For as long as capitalism has existed, its proponents have struggled to reconcile its benefits with the propensity to corruption inspired by greed. Charles Dickens proposed that the wealthy contribute to the support of those by whose labor they profited. George Bernard Shaw blithely advocated the notion of our monetary caretakers acting in loco parentis - with our welfare in mind, of course. But playwright Harley Granville-Barker was as skeptical of these utopian ideals in 1905 as was David Mamet in 2005, the latter feeling it high time to adapt the morality fable for our age.
Having built his literary career on portraits of high-rollers, four-flushers and flimflam artists, Mamet knows better than to present us with a hero of unswerving righteousness. Young Edward Voysey, like any crusading warrior, meets with adversity in his efforts to Do The Right Thing. Siblings accuse him of filial disloyalty, whine over their negligibly diminished income, or immure themselves in denial. Counselors condone his intentions but argue his tactics. Employees threaten blackmail. Edward's sole ally is his fiancée, whose wisdom and independence (and refreshingly practical view of her own solvency) serves to remind him that money is, after all, only money.
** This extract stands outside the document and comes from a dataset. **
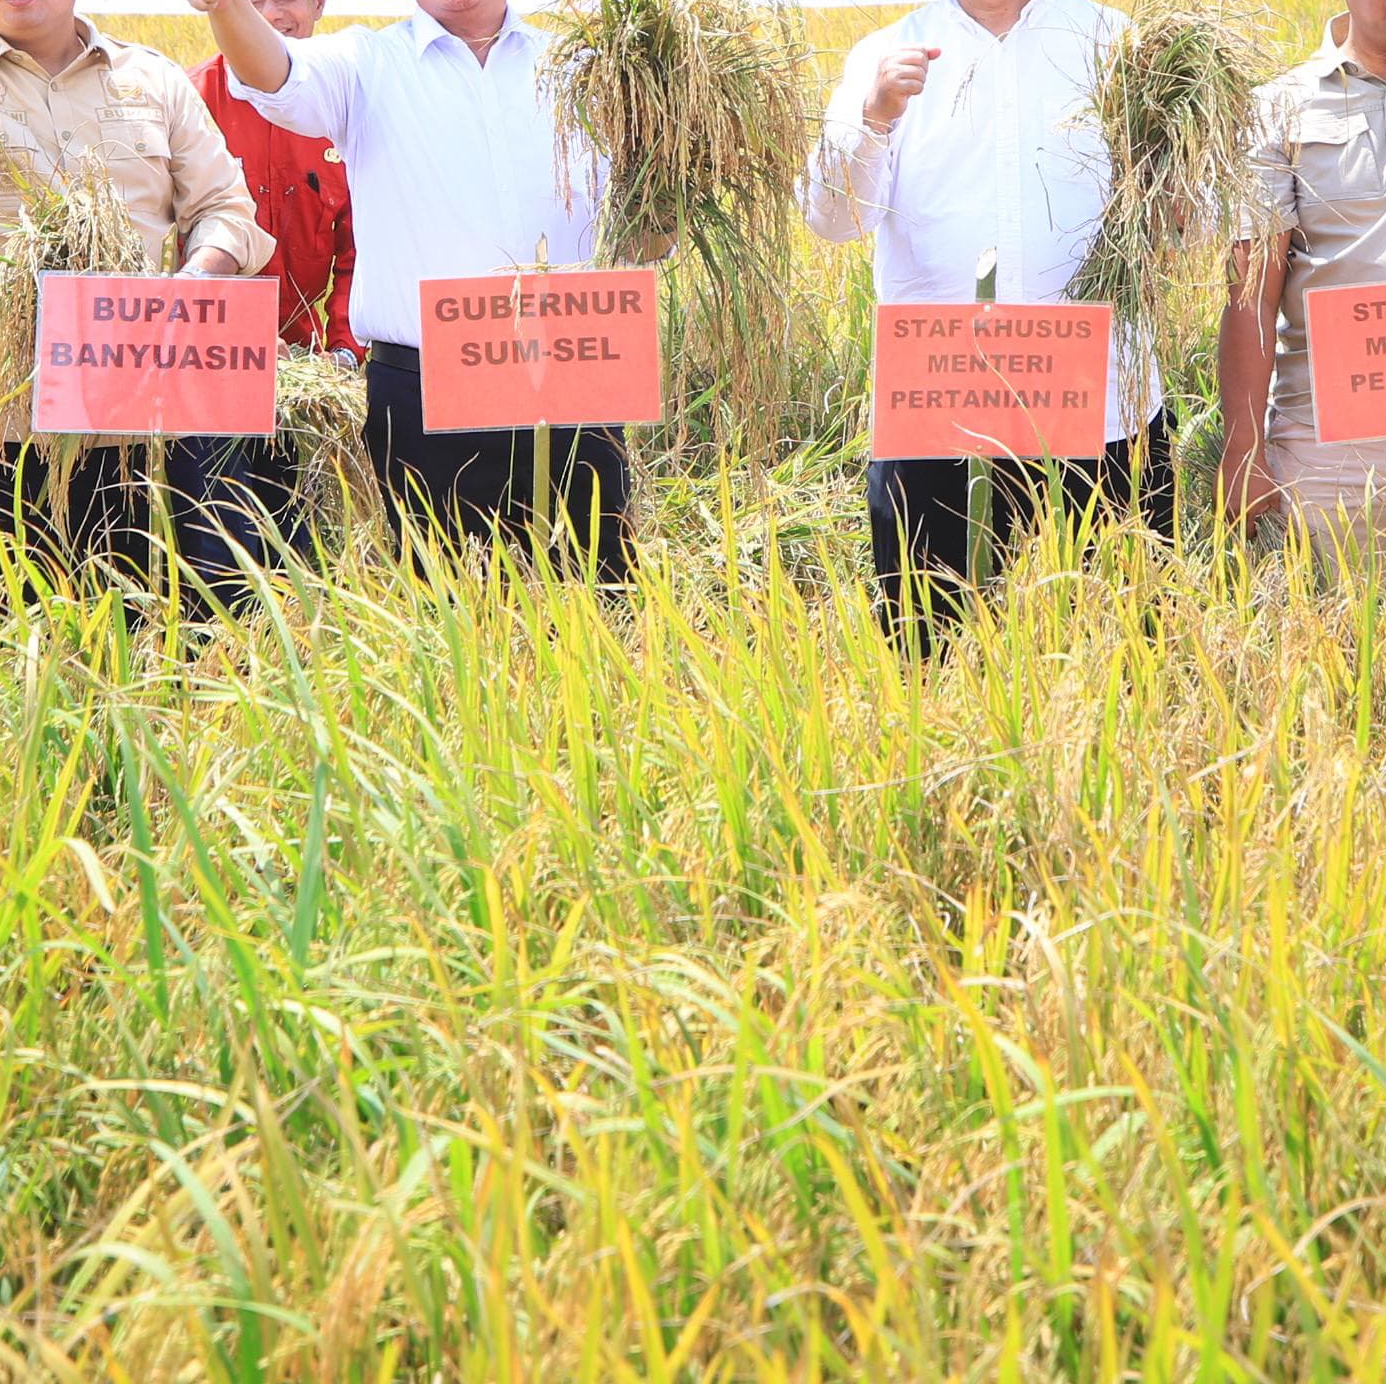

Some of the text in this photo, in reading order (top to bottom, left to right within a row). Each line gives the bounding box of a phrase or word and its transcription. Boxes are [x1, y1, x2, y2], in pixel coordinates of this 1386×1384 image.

This brand of symposial debate is the Remy Bumppo Theater Company's stock-in-trade. Under James Bohnen's direction, a cast led by Raymond Fox as the determined Edward and Roderick Peeples as his chief antagonist (with smart and stylish work from Rebecca Spence as the savvy woman who stands by her man after he has proven himself worthy) deliver performances as tidy and durable, intellectually, as the comfortably-sumptuous home replicated by designers Andrea Bechert and Ann Meilahn, visually. In the end, each of the characters - and we, too - have come to realize the pervasive dangers of accumulated wealth and the caution required of those who would brave its temptations.